The challenge for the chain is making sure those four pillars are in place. “In some cases restaurants [or] field leaders have said, I’m doing four pillars in 100 percent of my restaurants,” said Ells. In reality, “Their rates were more like 40 percent or 50 percent. And it was eye opening. We have moved all of those execution figures from 40 to 60 percent up to 70 to 90 percent. That’s the single biggest change from last year to this year.”

In case you’ve forgotten, Chipotle posted a 13.4 percent leap in same-store sales for the first quarter.

2. Wendy’s smarts revealed

A show of hands: How many of you have as large of marketing budget as you’d like? You can put yours down now, McDonald’s.

Everyone else, including the other Paul Bunyans of the business, typically wants more and more and more. Why not? You can’t be too rich, too thin, or have too much money available for advertising and promotion.

One of the ways Wendy’s has deepened its kitty was revealed this week because of a ruling by the U.S. Department of Agriculture that had virtually nothing to do with the chain. A U.S. ranchers’ group had complained to Secretary Tom Vilsack that some of the promotional dollars they’re legally mandated to provide had been given to Wendy’s to tout the chain’s use of North American beef for their burgers. They argued that “North American beef” could encompass production from Canada or Central America.
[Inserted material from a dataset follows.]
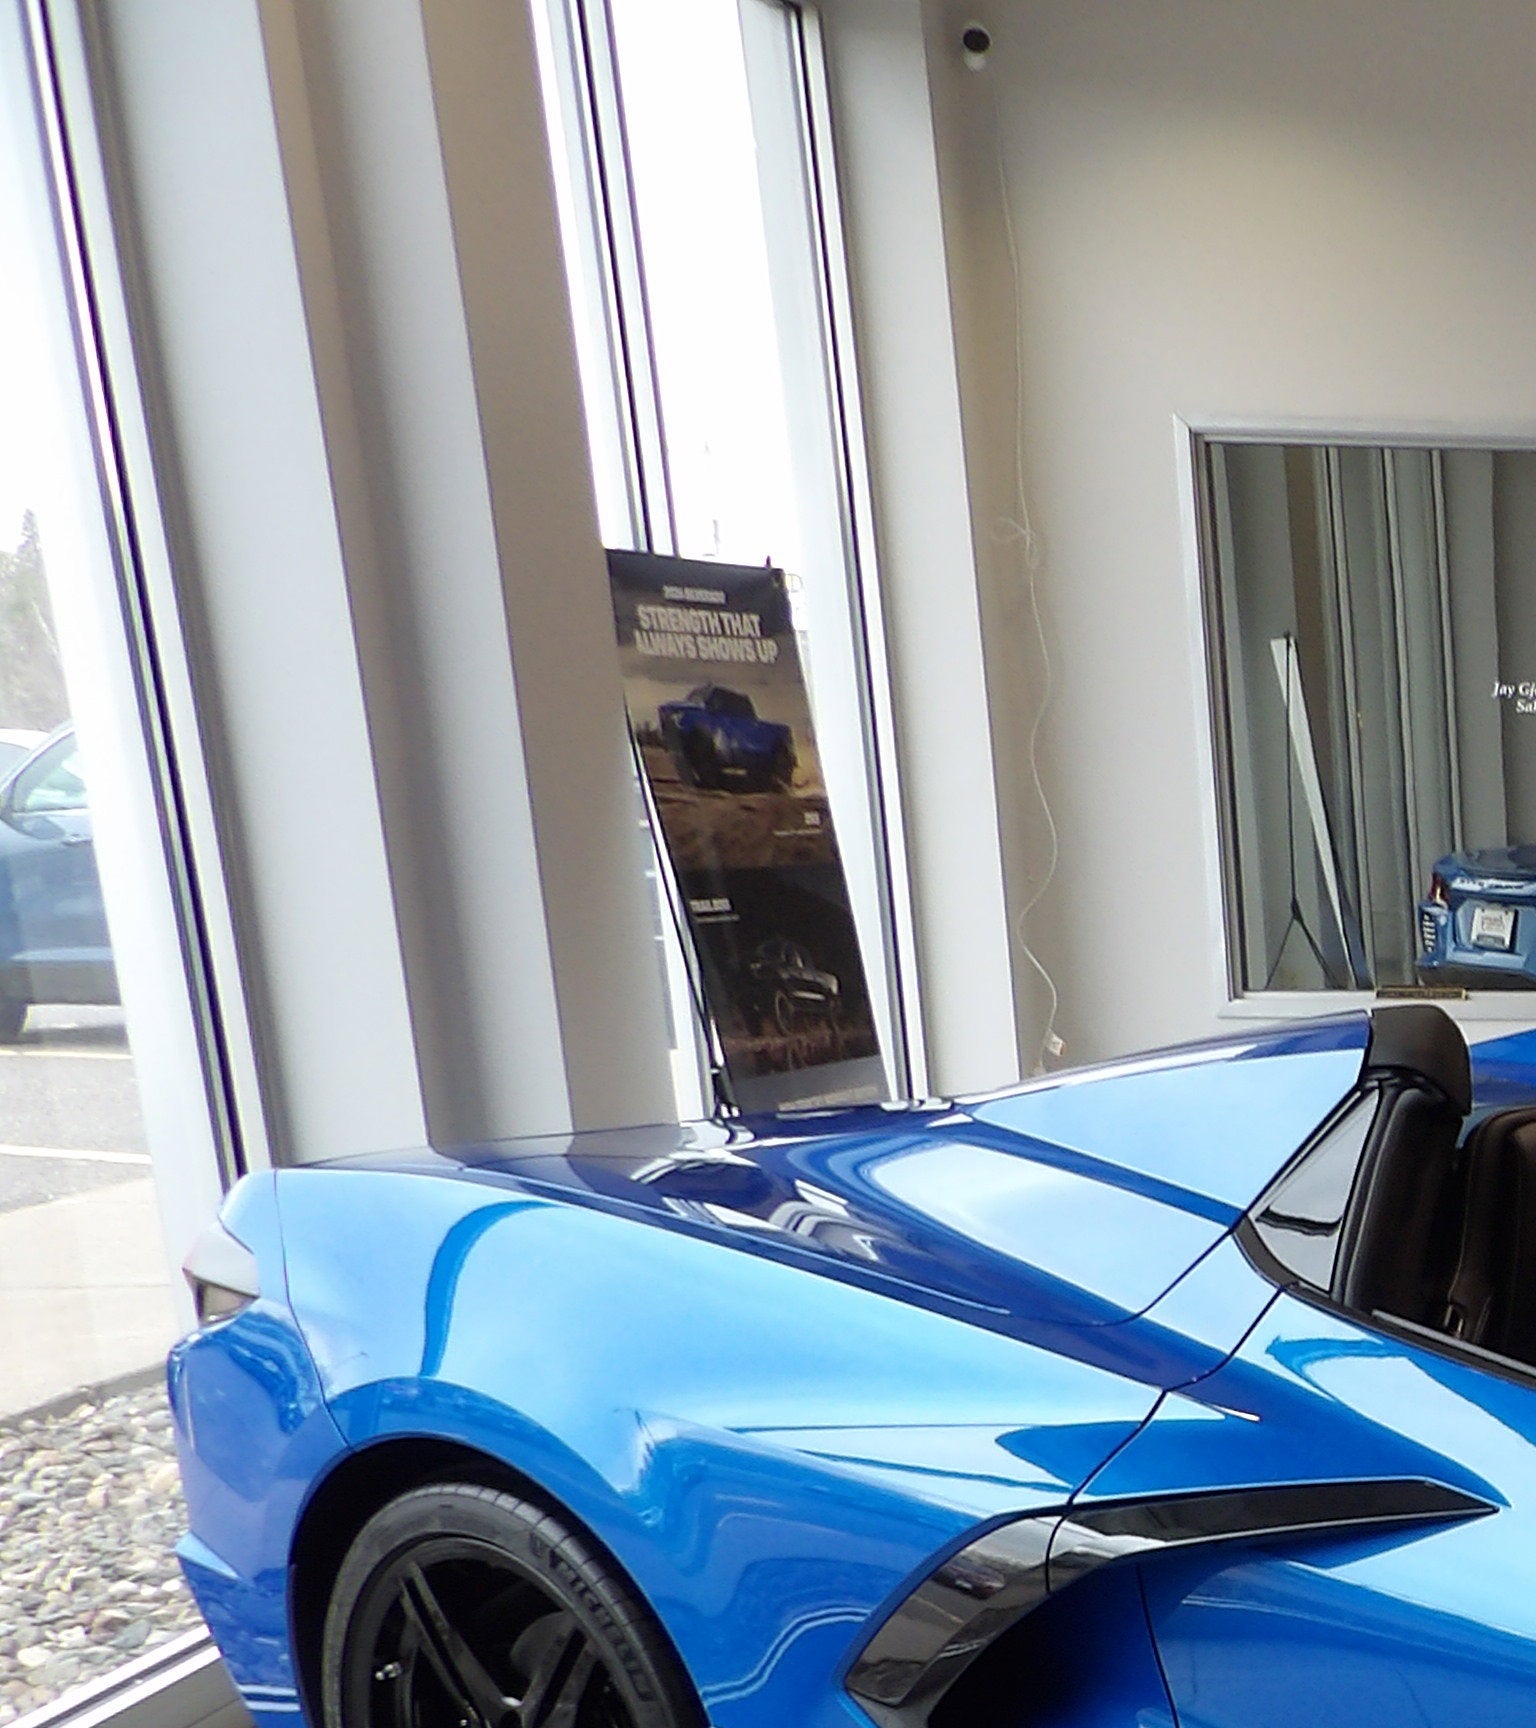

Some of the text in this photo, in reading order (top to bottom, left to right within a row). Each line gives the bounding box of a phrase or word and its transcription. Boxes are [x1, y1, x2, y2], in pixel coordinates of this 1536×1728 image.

The U.S.D.A. didn’t buy the argument, enabling Wendy’s to continue using a small contribution from the Beef Check-Off to promote its “100 percent pure North American beef that is always fresh and never frozen.”

3. Applebee’s new guest amenity

The general media all but frothed over Starbucks’ revelation this week that stores would install wireless phone rechargers for guests to use at no charge. Lost in the din was the recharging initiative quietly undertaken by another big brand, Applebee’s.

A franchisee in Hays, Kan., has agreed to become the chain’s first site for high-speed Tesla car-recharging stations.  Electric-vehicle recharging stations are common sites in restaurant parking lots, but the version from Tesla, the high-performance brand developed by PayPal co-founder Elon Musk, is still a badge of pack-leading innovation.

The company wants to create a network of refueling stops so drivers can zoom through a long road trip at a relative high speed. The plan calls in part for opening stations where the car’s engine is swapped out with a fully charged replacement at the push of a button and in a matter of minutes. In essence, Tesla drivers would become part of an engine-sharing network.

The Applebee’s rechargers aren’t that advanced. But they still bestow some bragging rights. And Tesla is promoting the location to consumers who’ve bought the company’s e-cars.

4. More food-scare madness?

There’s a real quirk to today’s consumers: They’re loath to eat anything that has even a remote chance of killing them.  That’s why heads should have spun like Tornado Alley weathervanes when news broke this week of beef being yanked from the restaurant supply chain as a precaution against Mad Cow Disease.

The recall was small, encompassing just two tons of rib-eyes and other cuts, and fears of a contamination have yet to be confirmed. But they’ve yet to be dis-proved, either. The meat apparently came from cattle that were adjudged to be at risk of the disease, though health inspectors stressed that the animals had shown no symptoms.

In case you missed the scares of more than a decade ago, Mad Cow Disease—technically Bovine Spongiform Encephalopathy, or BSE, is typically fatal.

Authorities revealed that some of the meat was headed for a restaurant in New York City and another in Kansas City, but did not divulge the names.

5. More reason to shiver: Sales sites for P.F. Chang’s data

It’s the equivalent of spotting your stolen car in someone else’s driveway with a For Sale sign on the windshield. Cyber-security sites have reported seeing material from P.F. Chang’s data breach on sale on the same backroom sites where the take from Target’s hacking had been peddled. Indeed, according to some of the blogs, that was how Chang’s learned of the data swipe. Yet the sites continue to function, undeterred.